• _RECORDS PROVIDED_

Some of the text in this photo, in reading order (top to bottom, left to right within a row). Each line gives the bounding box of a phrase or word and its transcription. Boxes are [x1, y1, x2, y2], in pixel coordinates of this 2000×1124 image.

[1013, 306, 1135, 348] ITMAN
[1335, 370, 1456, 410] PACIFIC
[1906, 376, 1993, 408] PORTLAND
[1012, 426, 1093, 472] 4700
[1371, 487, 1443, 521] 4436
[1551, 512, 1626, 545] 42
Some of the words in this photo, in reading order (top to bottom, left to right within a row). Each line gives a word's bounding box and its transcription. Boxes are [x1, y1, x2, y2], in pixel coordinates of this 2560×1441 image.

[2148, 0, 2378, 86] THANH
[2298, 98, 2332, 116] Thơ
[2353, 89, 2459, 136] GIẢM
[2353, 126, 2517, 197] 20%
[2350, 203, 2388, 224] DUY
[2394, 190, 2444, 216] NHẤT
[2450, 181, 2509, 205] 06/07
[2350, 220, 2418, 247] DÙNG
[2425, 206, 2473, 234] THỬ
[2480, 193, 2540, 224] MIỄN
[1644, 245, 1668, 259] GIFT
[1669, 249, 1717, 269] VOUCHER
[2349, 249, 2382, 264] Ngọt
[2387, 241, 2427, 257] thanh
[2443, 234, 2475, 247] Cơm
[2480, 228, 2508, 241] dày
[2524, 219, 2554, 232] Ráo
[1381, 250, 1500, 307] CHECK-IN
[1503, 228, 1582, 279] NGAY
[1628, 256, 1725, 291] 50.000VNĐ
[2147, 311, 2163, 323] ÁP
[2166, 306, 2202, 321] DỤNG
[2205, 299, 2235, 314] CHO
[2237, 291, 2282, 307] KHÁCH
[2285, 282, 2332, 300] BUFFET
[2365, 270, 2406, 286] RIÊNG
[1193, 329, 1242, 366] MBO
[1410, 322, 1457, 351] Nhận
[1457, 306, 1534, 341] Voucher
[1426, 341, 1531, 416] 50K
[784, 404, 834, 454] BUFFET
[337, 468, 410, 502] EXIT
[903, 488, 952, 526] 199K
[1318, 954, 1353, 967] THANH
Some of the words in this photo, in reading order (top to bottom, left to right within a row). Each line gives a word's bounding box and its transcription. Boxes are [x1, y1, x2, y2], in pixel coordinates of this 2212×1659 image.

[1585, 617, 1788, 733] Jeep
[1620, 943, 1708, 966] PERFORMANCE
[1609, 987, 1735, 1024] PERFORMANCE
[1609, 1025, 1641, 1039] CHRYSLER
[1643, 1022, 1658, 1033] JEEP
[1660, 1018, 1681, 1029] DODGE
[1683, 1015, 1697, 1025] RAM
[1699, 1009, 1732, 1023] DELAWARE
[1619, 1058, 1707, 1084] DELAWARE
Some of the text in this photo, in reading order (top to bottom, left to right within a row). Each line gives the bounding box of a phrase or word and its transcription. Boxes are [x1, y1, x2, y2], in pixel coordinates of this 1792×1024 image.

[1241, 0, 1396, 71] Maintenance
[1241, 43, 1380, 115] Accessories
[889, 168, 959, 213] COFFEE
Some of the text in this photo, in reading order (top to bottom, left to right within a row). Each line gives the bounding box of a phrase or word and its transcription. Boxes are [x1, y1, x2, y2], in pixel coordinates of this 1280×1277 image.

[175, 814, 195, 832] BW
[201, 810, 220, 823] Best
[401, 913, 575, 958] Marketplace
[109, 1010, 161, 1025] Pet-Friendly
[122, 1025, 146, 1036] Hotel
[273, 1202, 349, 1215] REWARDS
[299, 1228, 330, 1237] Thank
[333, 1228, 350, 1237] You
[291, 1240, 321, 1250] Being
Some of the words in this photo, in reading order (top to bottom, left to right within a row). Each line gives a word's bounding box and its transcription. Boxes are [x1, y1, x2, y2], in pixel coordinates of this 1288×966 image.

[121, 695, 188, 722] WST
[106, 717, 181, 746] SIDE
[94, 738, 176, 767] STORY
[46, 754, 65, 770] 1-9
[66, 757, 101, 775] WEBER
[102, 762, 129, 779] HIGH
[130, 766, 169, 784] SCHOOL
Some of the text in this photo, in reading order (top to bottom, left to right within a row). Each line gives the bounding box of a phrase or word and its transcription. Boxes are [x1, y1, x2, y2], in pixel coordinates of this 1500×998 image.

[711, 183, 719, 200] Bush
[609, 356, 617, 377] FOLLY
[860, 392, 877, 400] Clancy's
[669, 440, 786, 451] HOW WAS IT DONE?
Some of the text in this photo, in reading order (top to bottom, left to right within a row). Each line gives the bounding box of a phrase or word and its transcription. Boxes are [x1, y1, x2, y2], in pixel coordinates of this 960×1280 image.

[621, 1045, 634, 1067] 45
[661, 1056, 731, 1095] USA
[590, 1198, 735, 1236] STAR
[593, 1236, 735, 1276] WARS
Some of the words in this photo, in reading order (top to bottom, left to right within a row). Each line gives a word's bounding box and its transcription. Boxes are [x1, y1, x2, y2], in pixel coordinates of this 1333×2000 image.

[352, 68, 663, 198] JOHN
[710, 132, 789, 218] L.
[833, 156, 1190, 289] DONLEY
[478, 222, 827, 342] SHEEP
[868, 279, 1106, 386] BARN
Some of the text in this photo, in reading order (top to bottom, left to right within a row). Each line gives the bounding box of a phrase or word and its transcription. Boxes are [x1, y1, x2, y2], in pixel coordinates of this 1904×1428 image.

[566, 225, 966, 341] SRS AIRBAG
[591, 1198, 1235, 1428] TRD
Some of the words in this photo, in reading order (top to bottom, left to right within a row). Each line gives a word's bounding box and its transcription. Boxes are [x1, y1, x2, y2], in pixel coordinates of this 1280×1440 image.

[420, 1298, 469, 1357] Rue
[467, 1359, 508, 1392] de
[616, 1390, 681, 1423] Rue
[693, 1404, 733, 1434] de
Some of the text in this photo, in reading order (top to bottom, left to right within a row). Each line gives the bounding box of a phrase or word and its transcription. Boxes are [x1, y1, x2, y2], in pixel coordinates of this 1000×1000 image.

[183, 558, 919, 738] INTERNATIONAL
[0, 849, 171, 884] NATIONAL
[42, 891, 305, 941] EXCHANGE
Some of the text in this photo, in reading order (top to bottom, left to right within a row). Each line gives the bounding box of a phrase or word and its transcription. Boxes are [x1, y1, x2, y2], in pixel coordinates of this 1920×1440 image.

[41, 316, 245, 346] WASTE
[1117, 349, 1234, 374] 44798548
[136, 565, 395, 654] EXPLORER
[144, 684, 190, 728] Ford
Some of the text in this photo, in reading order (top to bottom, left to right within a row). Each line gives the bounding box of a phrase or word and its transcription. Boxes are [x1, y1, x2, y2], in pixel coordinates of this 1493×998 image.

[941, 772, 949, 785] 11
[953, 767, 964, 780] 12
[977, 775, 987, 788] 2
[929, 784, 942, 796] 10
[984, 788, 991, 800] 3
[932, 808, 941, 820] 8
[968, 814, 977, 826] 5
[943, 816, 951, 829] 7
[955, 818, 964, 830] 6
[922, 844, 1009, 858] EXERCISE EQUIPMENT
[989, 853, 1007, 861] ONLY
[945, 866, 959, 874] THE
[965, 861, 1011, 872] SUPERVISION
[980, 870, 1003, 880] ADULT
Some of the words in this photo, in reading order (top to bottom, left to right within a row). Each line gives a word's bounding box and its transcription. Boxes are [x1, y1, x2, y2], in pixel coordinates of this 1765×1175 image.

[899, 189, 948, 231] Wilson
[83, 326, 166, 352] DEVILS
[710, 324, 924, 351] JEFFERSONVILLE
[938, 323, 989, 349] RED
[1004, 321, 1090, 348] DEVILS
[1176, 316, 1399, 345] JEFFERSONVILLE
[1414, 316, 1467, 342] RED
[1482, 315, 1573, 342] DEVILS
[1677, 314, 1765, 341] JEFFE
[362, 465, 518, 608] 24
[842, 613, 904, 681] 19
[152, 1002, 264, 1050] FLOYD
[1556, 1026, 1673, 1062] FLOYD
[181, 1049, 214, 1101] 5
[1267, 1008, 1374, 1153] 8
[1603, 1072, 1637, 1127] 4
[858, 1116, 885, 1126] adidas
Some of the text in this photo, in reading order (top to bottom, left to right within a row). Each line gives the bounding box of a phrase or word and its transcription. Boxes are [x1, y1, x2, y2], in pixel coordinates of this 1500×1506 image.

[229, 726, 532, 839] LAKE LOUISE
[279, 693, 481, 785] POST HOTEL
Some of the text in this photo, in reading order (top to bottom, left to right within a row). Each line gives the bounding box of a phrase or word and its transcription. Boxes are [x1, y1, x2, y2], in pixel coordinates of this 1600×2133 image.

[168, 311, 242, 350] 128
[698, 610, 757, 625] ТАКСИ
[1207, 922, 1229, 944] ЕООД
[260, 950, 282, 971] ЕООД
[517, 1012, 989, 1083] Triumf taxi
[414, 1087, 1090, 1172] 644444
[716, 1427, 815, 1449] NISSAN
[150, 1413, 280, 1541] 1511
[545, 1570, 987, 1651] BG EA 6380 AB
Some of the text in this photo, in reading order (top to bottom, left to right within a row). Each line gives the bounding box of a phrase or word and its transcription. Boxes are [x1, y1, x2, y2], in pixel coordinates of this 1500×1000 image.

• _WHAT TO DO_
Word for word, retype the lines from the one containing "this 1600×2133 image." through the final line of the data, including both ends and nothing more.

• _ANSWER BOX_
Some of the text in this photo, in reading order (top to bottom, left to right within a row). Each line gives the bounding box of a phrase or word and its transcription. Boxes are [x1, y1, x2, y2], in pixel coordinates of this 1600×2133 image.

[168, 311, 242, 350] 128
[698, 610, 757, 625] ТАКСИ
[1207, 922, 1229, 944] ЕООД
[260, 950, 282, 971] ЕООД
[517, 1012, 989, 1083] Triumf taxi
[414, 1087, 1090, 1172] 644444
[716, 1427, 815, 1449] NISSAN
[150, 1413, 280, 1541] 1511
[545, 1570, 987, 1651] BG EA 6380 AB
Some of the text in this photo, in reading order (top to bottom, left to right within a row). Each line gives the bounding box of a phrase or word and its transcription. Boxes are [x1, y1, x2, y2], in pixel coordinates of this 1500×1000 image.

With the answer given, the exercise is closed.